思考再開

自分さえ良ければ社会から、助け合い・共存共栄社会へ

「働かざる者食うべからず」という刷り込みが貧困を作り出している

働かざる者も食べていいのです

「働かざる者食うべからず」
私たちはこの言葉を、幼い頃から刷り込まれてきました。言葉なんてものは、ある時代には正しかったとしても、ある時代には正しいとは限りません。はたして、この言葉は、今の時代にも当てはまるのでしょうか?

答えは「No」です。

私たちは「働かざる者も食ってよし」という社会を目指すべきです。

社会とは、発展すればするほど、失業者が増えるようにできています。
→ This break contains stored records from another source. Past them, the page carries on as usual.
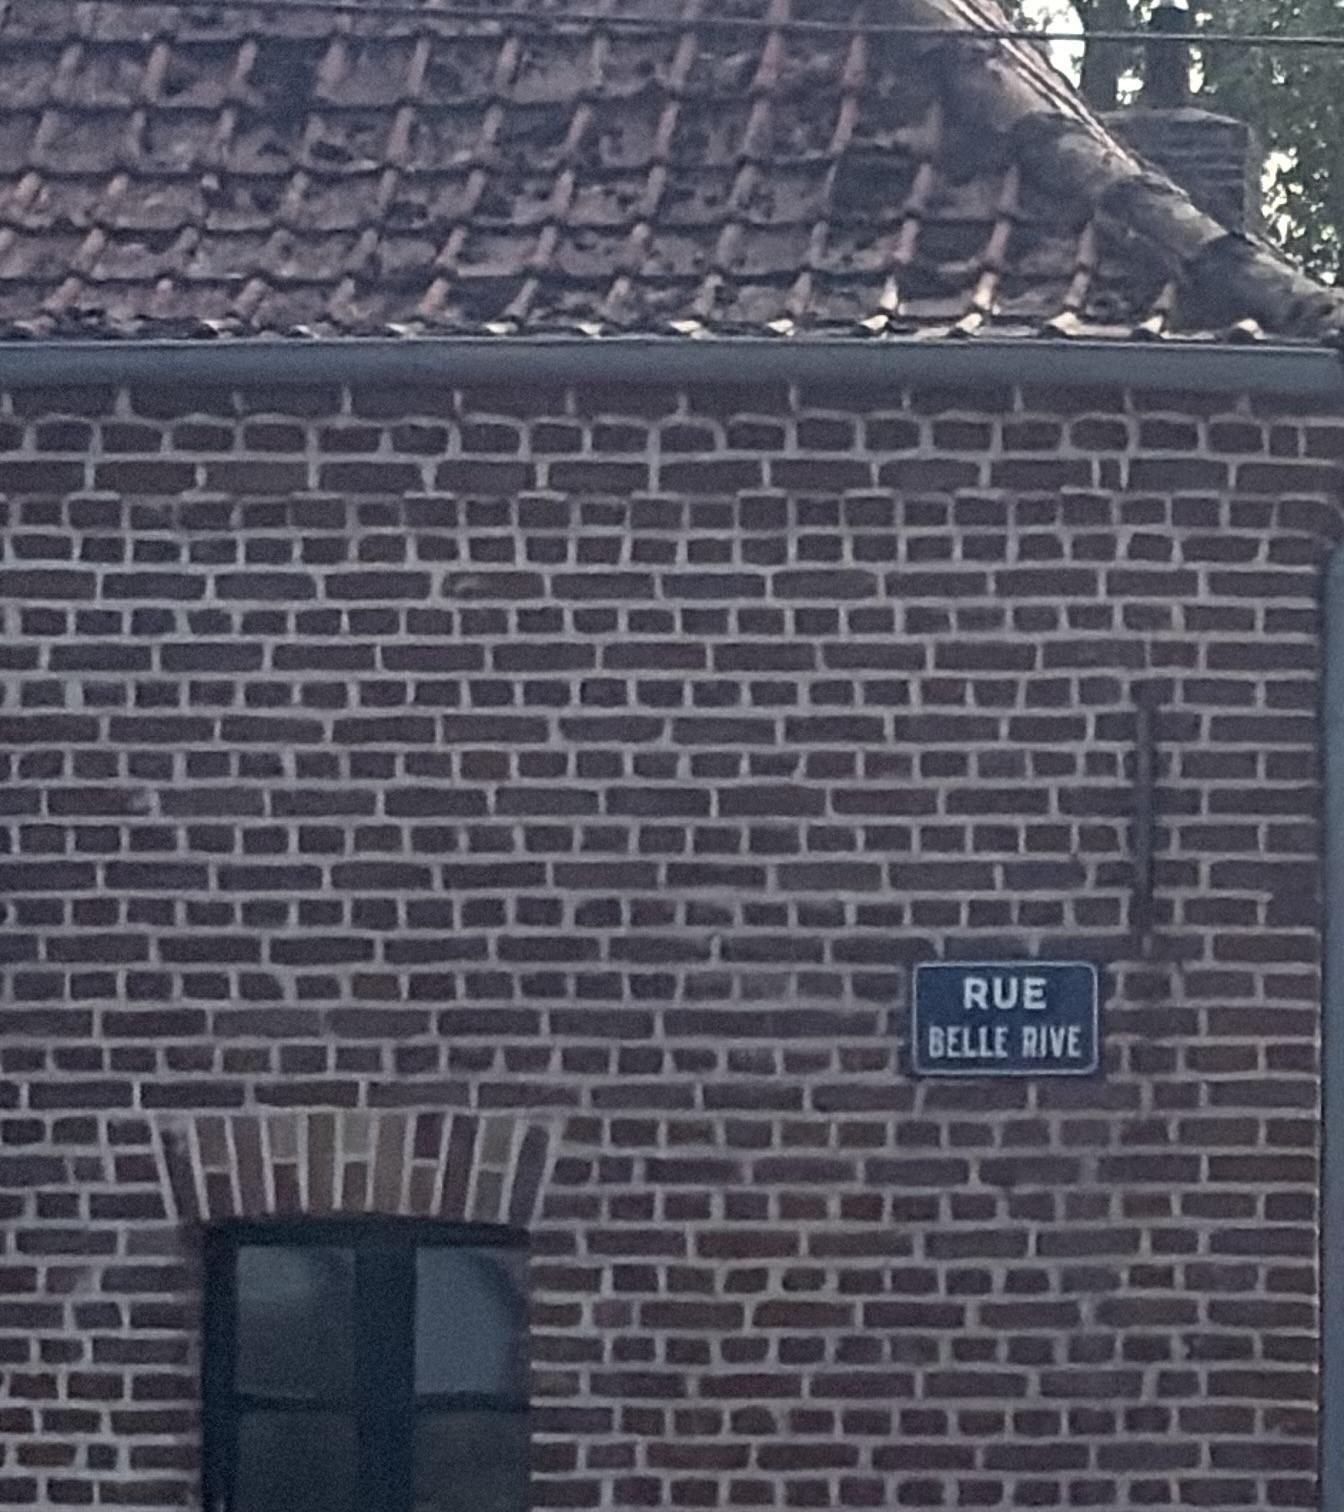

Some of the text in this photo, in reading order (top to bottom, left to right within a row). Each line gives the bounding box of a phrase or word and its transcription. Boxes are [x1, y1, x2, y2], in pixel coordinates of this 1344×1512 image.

[963, 976, 1048, 1010] RUE
[928, 1025, 1082, 1058] BELLE RIVE
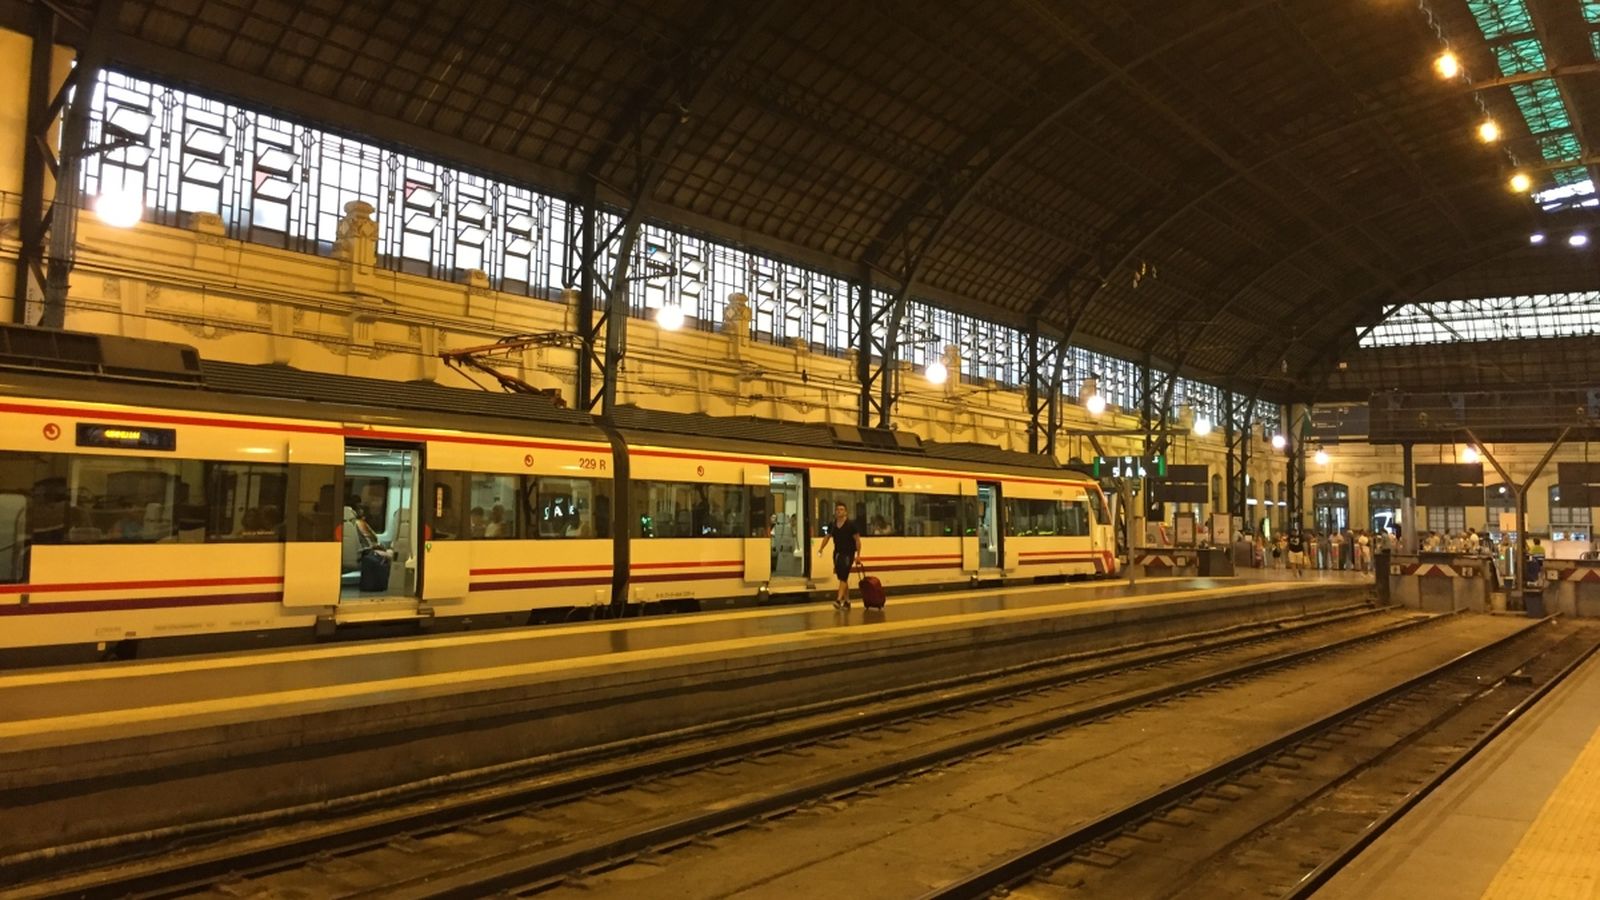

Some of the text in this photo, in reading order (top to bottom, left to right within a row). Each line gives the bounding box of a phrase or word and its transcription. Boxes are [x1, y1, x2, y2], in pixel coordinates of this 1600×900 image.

[579, 457, 606, 471] 229 R
[1125, 467, 1133, 477] A
8時間でしていた仕事が5時間でできるようになり、10人でしていた仕事が7人でできるようになる……。それが社会の発展というものです。だから「働かざる者も食ってよし」なのです。

「働かざる者食うべからず」のメカニズム

どんどん業務の効率化を進めて、少しでも労働時間を短くして、家族や恋人と一緒に過ごせる時間を増やした方がいいことは、誰もがわかっているはずです。しかし現実では、多くの人たちは、自分の仕事が失われないように、自分の仕事が奪われないように、あえて効率化を進めずに、あえて非効率的な働き方をしています。どうしてこのようなことになるのでしょうか?

「働かざる者食うべからず」という言葉がすべて悪いのです。

「働かざる者食うべからず」という言葉があるから、「仕事がなくなっては困る」と考えるようになり、「仕事がなくなっては困る」と考えるから、「あえて非効率的な働き方をしよう」と考えるようになるのです。

「働かざる者も食ってよし」のメカニズム

業務の効率化を進めて、労働時間を短くして、家族や恋人と一緒に過ごせる時間を増やすには、どうすればいいのでしょうか?
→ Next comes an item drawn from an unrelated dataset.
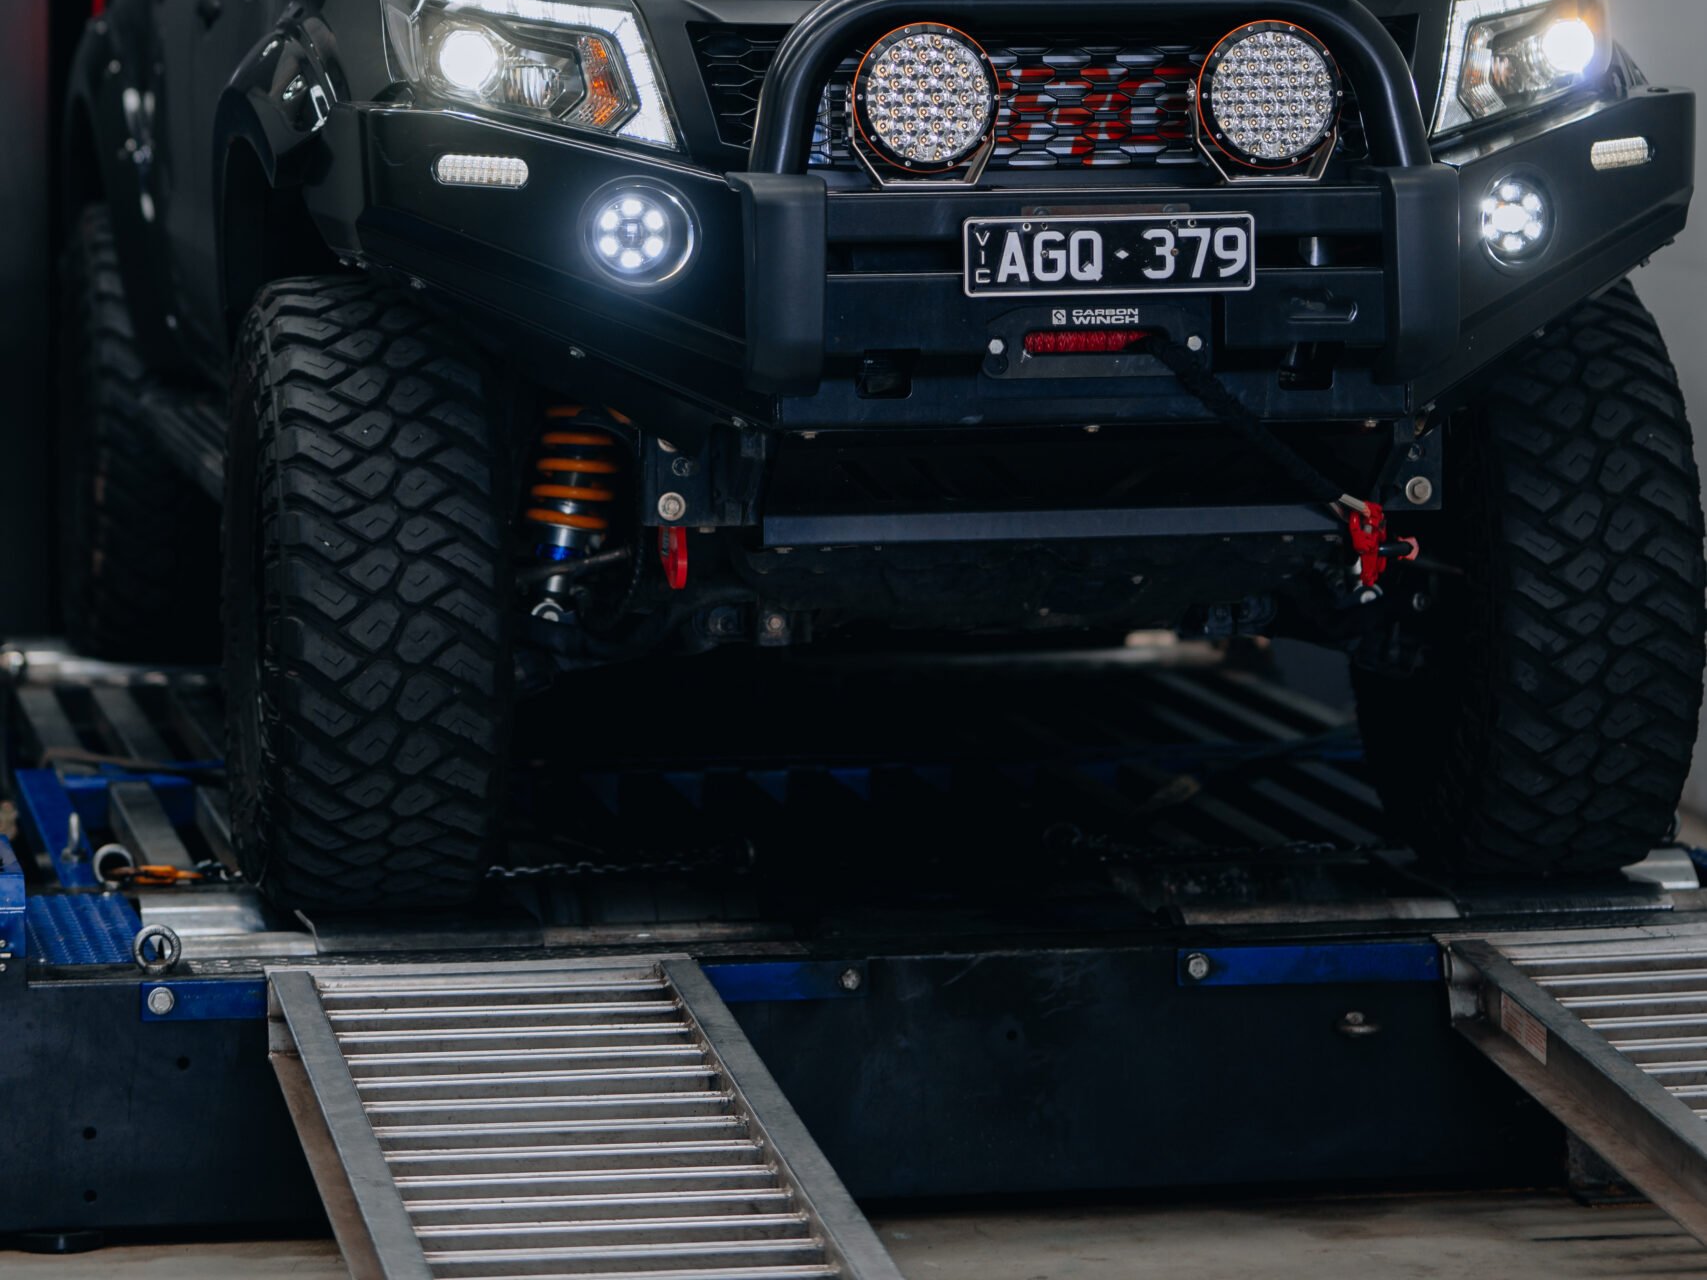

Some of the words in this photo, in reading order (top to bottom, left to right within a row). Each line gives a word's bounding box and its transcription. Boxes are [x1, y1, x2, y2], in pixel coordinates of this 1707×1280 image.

「働かざる者も食ってよし」という言葉を使うようにすればいいのです。

「働かざる者も食ってよし」という言葉が定着すれば、「仕事がなくなっても生きていける」と考えるようになり、「仕事がなくなっても生きていける」と考えるから、「どんどん効率的な働き方をしよう」と考えるようになるのです。
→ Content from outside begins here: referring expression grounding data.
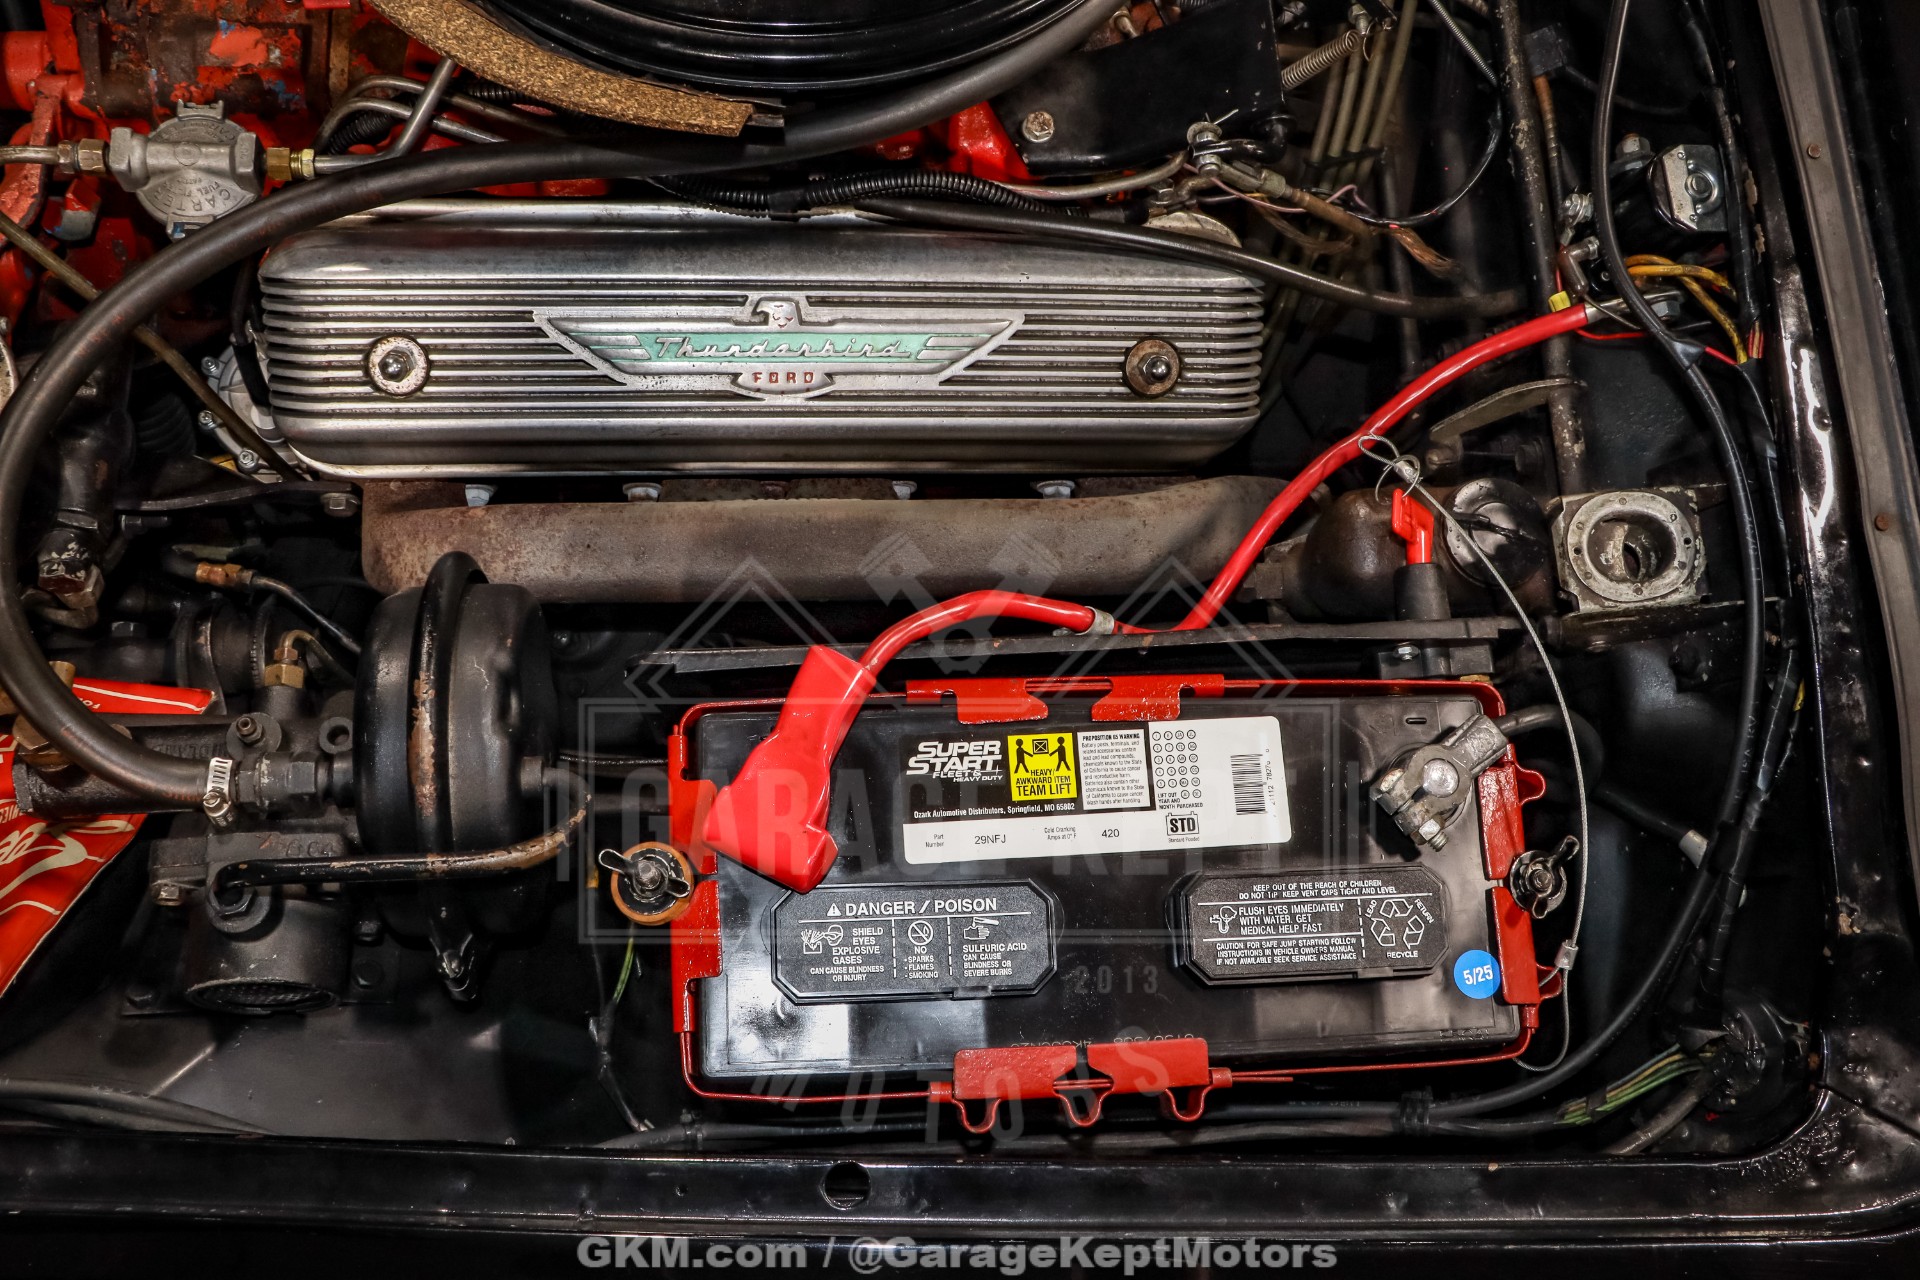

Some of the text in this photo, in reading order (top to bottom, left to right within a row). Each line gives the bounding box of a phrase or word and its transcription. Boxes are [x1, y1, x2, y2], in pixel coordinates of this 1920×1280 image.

[656, 336, 910, 359] Thunderbird
[752, 371, 814, 384] FORD
[917, 741, 1001, 758] SUPER
[906, 755, 1002, 775] START
[932, 769, 981, 778] FLEET &
[1016, 777, 1052, 785] AWKWARD
[1016, 783, 1071, 797] TEAM LIFT
[932, 808, 967, 817] Automotive
[1045, 804, 1055, 812] MO
[1170, 818, 1196, 833] STD
[1101, 828, 1120, 839] 420
[974, 834, 1006, 845] 29NFJ
[1283, 890, 1300, 898] KEEP
[1377, 886, 1397, 894] LEVEL
[846, 898, 997, 916] DANGER / POISON
[1239, 903, 1344, 916] FLUSH EYES IMMEDIATELY
[1365, 900, 1377, 918] LEAD
[1414, 899, 1434, 924] RETURN
[1240, 914, 1312, 925] WITH WATER. GET
[853, 928, 883, 936] SHIELD
[1240, 923, 1322, 935] MEDICAL HELP FAST
[853, 937, 875, 946] EYES
[833, 946, 880, 955] EXPLOSIVE
[914, 946, 927, 954] NO
[963, 943, 1027, 953] SULFURIC ACID
[1218, 949, 1263, 958] INSTRUCTIONS
[1330, 945, 1354, 953] MANUAL
[833, 956, 862, 964] GASES
[963, 953, 977, 961] CAN
[1320, 953, 1357, 961] ASSISTANCE
[964, 961, 999, 969] BLINDNESS
[810, 967, 824, 975] CAN
[964, 968, 1012, 977] SEVERE BURNS
[1463, 965, 1493, 985] 5/25
「働かざる者食うべからず」という言葉が貧困を作り出している

「働かざる者食うべからず」という刷り込みが、すべての人を不幸にしています。

この言葉が、私たちに「いかにして仕事にしがみつくか」という不毛な椅子取りゲームに参加させます。私たちは、他人を押しのけてでも、自分が「働いている者」であろうとします。いったん仕事にしがみつくことができたなら、今度はその仕事が失われないように、あえて非効率的な働き方をします。当然、社会全体の利益は最大化されません。社会全体の利益が最大化されないと、どうなるのか? 貧困で苦しんでいる人たちのところに、生活に必要なモノやサービスが行き渡らなくなるのです。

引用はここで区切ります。